Call me Ishmael. A toupee wearing Burger Ring-tinged Ahab was just elected President of the US, and I feel like someone shackled to a ghost ship. I’m floating on a coffin.

On Tuesday night I went to bed confident that Hillary Clinton would win, but I also sat up at three in the morning sobbing. The lead-heavy dread of the Trump campaign was coming to an end: 18 months of belligerent bullying, threats, intolerance, and meanness was finally going to fall quiet — or at least be told to sit down, and hush.

The daily wet shart of Trump news rattled my fragile mental health like a cruel toddler with a birdcage; to my depressive mind, he was a screeching nightmare, a bully, applying pressure to the open wounds in my head. I thought his defeat would be like a trepanning. I was waiting out for that morphine-like release of pressure. Instead the drill has slipped, he’s Bully-elect, and my misfiring neural pathways have called it quits.

Nightmare-In-Chief 

Donald Trump has had a very real effect on my mental illness. He and the environment he has fostered have triggered depressive and manic states in equal measure, heightened my anxiety, and have had me yelling and crying at strangers.

For those who sufferer mental illness or have survived trauma, he is a bloated sentient trigger. Nightmare-In-Chief. When your wellbeing hinges on a fragile sense of greater human decency and a hyper-awareness of feeling — particularly hurt and dread — Donald Trump and his power present a daily gauntlet of challenges. His posturing and thuggish attitude elicits nothing but fear — a fear that is felt acutely by those already struggling with empathy, connectedness, and isolation. He is a bulldozer slowly pushing us closer to the abyss.

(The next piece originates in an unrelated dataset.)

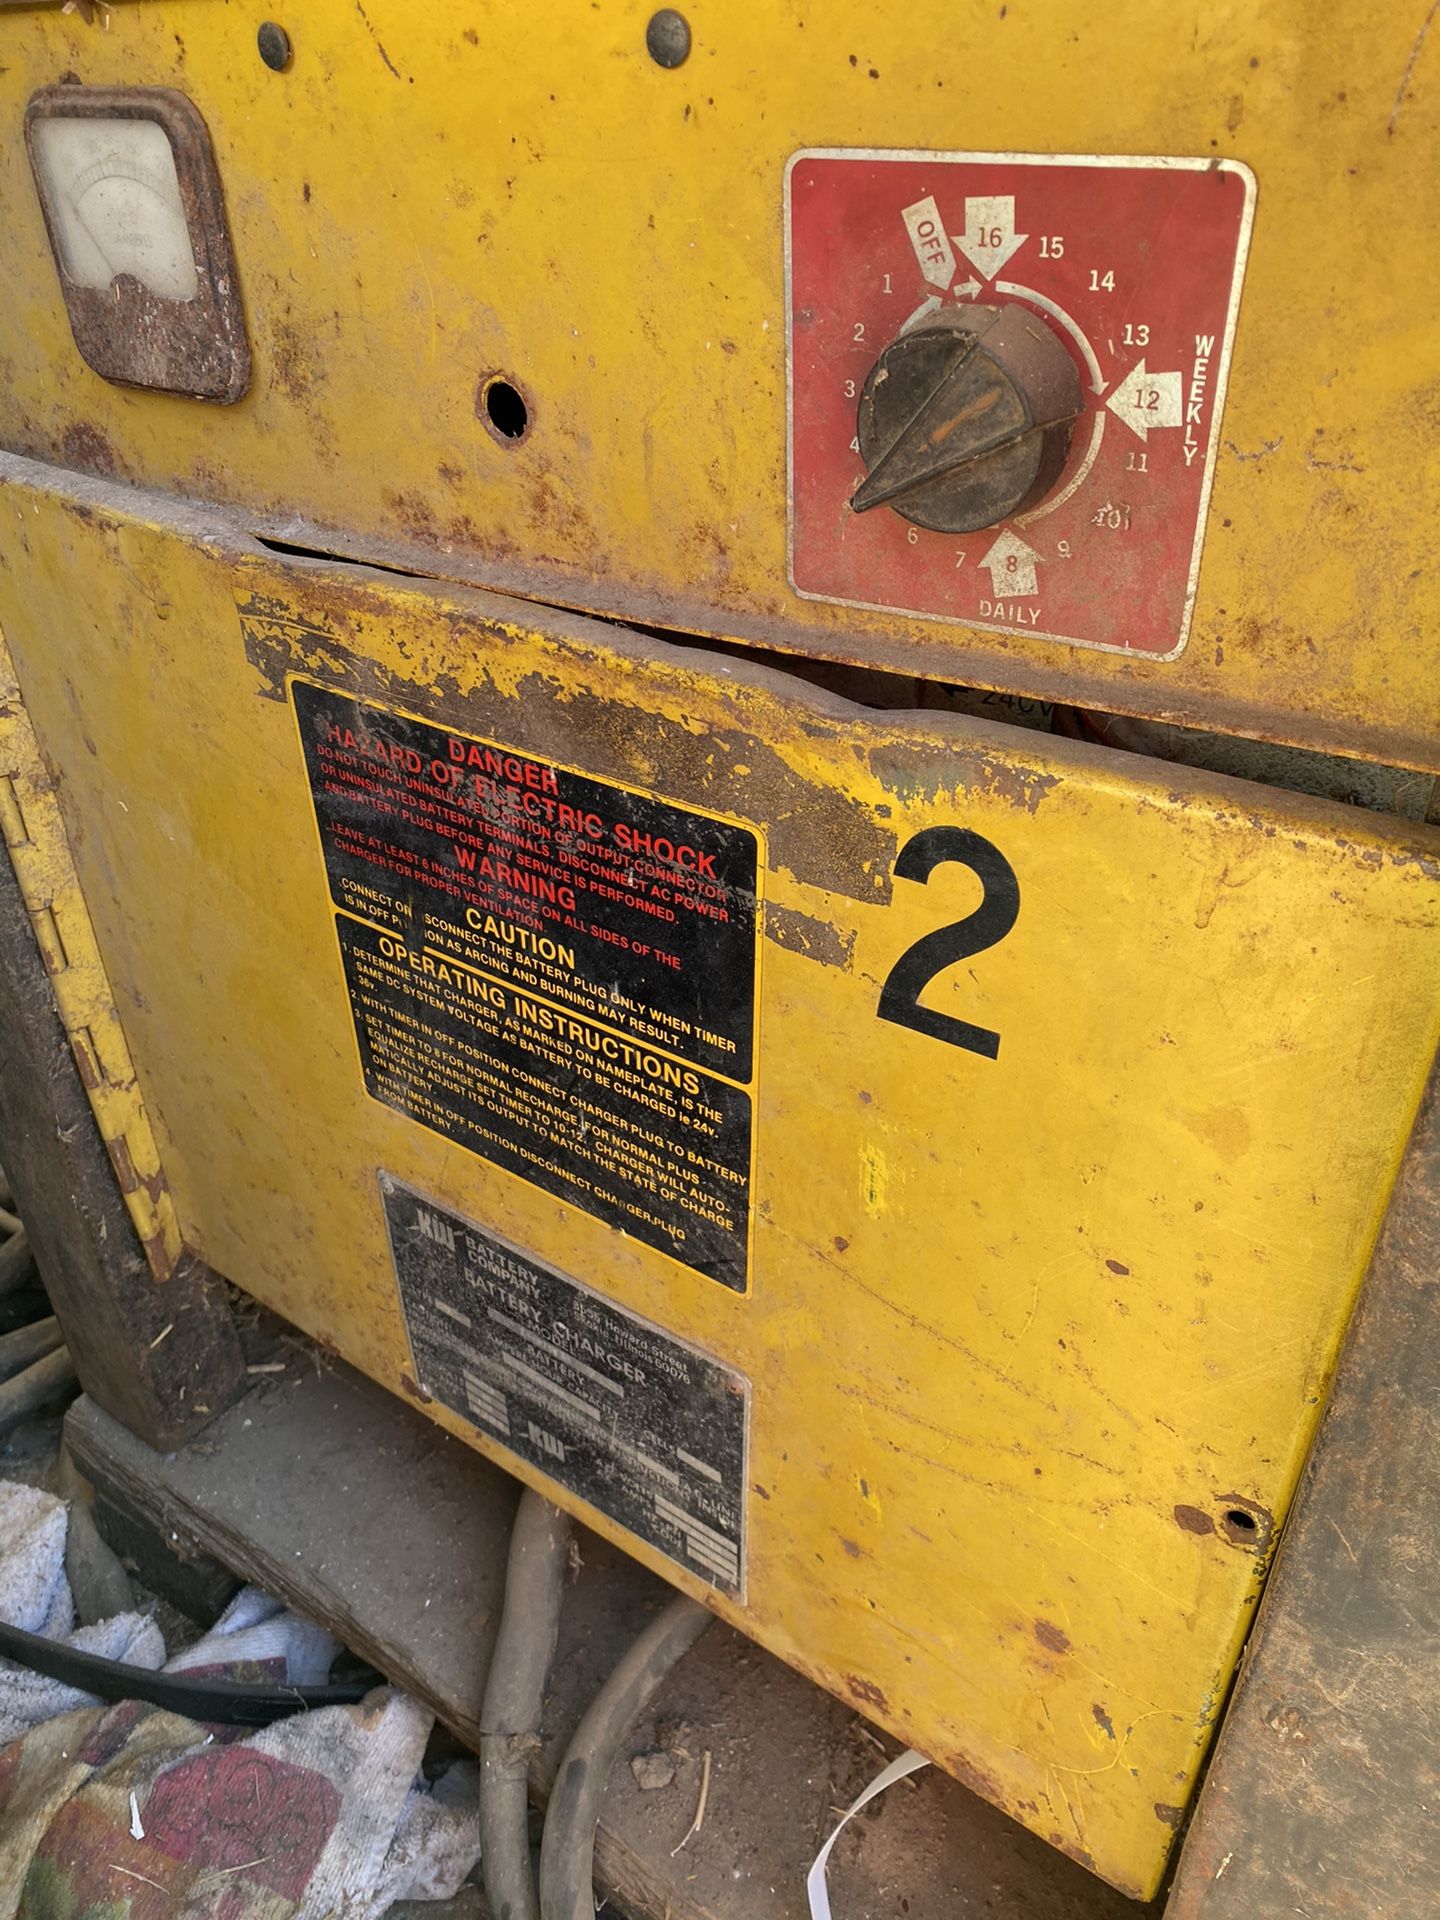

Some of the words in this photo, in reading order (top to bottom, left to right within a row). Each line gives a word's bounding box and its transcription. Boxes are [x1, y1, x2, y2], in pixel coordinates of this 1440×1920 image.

In all the discussion of ‘who’ and ‘what’ caused the Trump phenomenon we are thrown a collective jumble of easily identifiable tribes — media, politicians, workers — or all too convenient dividing lines — class, race, gender. I feel my tribe is somewhat hidden in the thick shrub, and that our ‘us vs them’ dividing line has been trodden into invisibility. I’m talking about Us vs The Normallos: the nutters vs the neurotypicals.

People who rationalise Trump and the events of the past 18 months are usually oblivious of the privilege that that ability to rationalise offers. I can’t rationalise him. Like a lot of people, to me he is an abstract Rubik’s Cube that has seven faces instead of six, and which I’ll never solve. He is the reason I can’t make eye contact. Trump is the embodiment of all the neurotic fears and paranoia of the depressive, the deluded, the anxious, the manic: a rattle bag of indistinguishable human traits that leave us confused and terrified. He is a great flashing sign calling out our otherness and bafflement; both a reiteration and a reaffirmation of our inability to connect with people, thought, and emotion on what is generally conceived as the ‘correct’ level.

Is Trump the black dog or the guy the black dog is warning you about? He’s not wearing a collar.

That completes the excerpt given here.